Wakefield Division, Montefiore Medical Center, Bronx, NY 10467, USA.
JCEM Case Rep. 2024 Aug 6;2(8):luae128. doi: 10.1210/jcemcr/luae128. eCollection 2024 Aug.
Ectopic ACTH secretion (EAS) accounts for 10% to 20% of all Cushing syndrome cases. Diffuse intrapulmonary neuroendocrine cell hyperplasia (DIPNECH), a poorly understood lung disease, is characterized by abnormal proliferation of neuroendocrine cells in the bronchial mucosa. It is thought to be a precursor of pulmonary carcinoid and has been associated with EAS in a handful of cases. We present 2 patients with clinical, radiological, and pathological features of DIPNECH who presented with florid Cushing syndrome secondary to EAS evidenced by rapid onset of symptoms, elevated plasma ACTH, and cortisol levels, and failed high-dose dexamethasone suppression testing. Treatment of hypercortisolism included excision of the involved lung and medical therapy with steroidogenesis inhibitors. Despite the aggressive initial management, hypercortisolism persisted. This case series highlights the importance of considering DIPNECH as a cause for Cushing syndrome in the appropriate clinical scenario and underscores the likelihood that surgery may not be curative because of the diffuse nature of this disease. Given the high mortality associated with EAS, prompt medical therapy, appropriate prophylaxis, and bilateral adrenalectomy can be lifesaving measures when initial surgery fails.

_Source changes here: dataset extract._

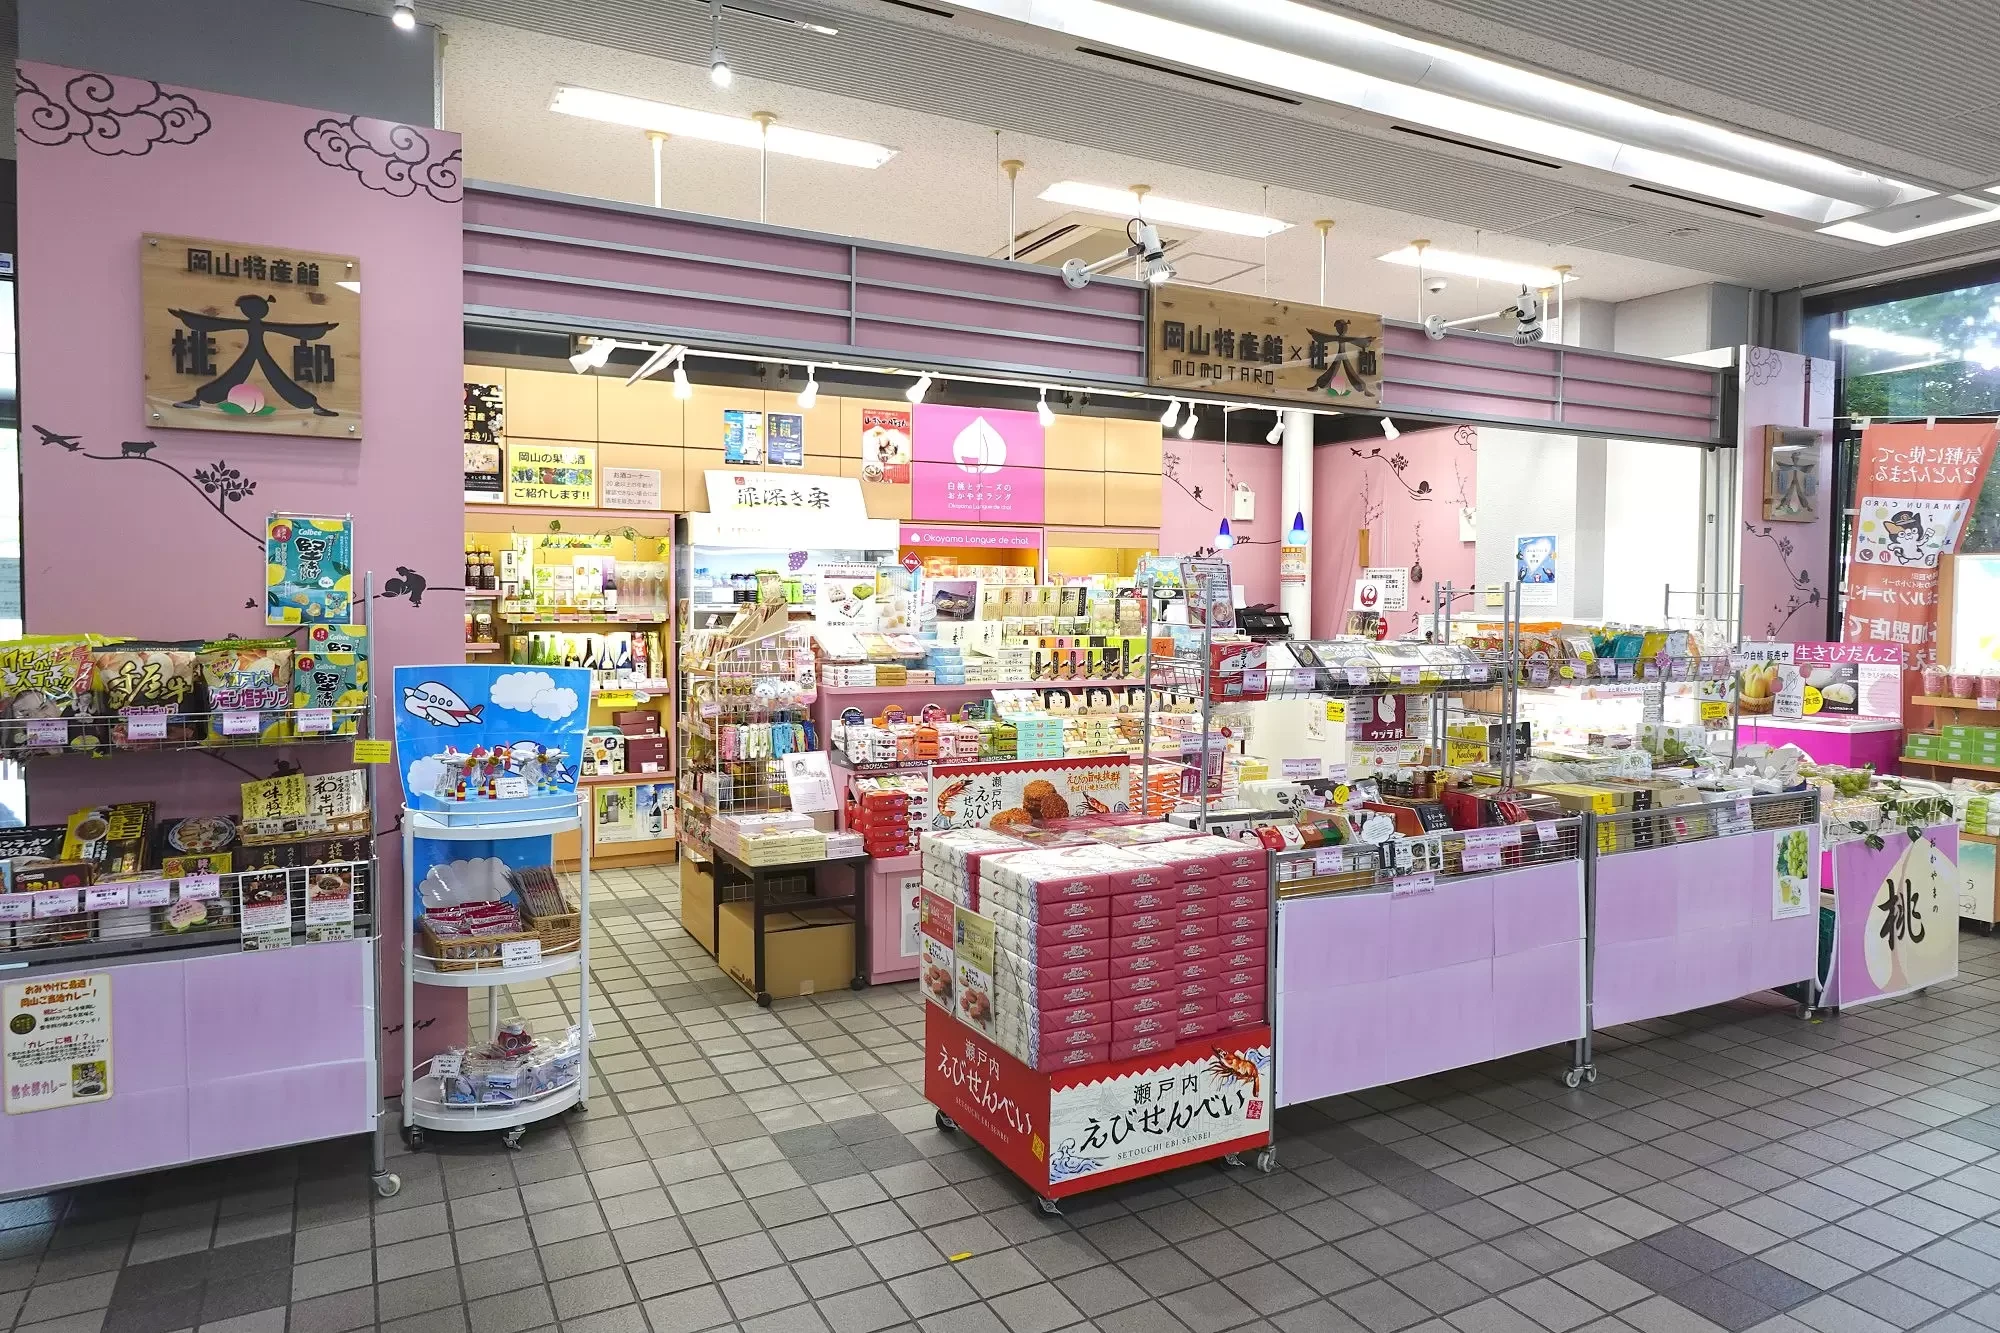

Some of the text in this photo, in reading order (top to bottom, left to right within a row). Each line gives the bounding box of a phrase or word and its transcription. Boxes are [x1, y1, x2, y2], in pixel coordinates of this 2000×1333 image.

异位促肾上腺皮质激素(ACTH)分泌(EAS)占所有库欣综合征病例的10%至20%。弥漫性肺内神经内分泌细胞增生(DIPNECH)是一种了解较少的肺部疾病,其特征是支气管黏膜中的神经内分泌细胞异常增殖。它被认为是肺类癌的前驱病变,并且在少数病例中与EAS有关。我们报告了2例具有DIPNECH临床、影像学和病理学特征的患者,他们因EAS出现典型的库欣综合征,症状迅速出现、血浆ACTH和皮质醇水平升高以及高剂量地塞米松抑制试验失败可证明这一点。高皮质醇血症的治疗包括切除受累肺叶以及用类固醇生成抑制剂进行药物治疗。尽管进行了积极的初始治疗,但高皮质醇血症仍持续存在。该病例系列强调了在适当的临床情况下将DIPNECH视为库欣综合征病因的重要性,并强调由于该疾病的弥漫性,手术可能无法治愈。鉴于与EAS相关的高死亡率,当初始手术失败时,及时的药物治疗、适当的预防措施和双侧肾上腺切除术可能是挽救生命的措施。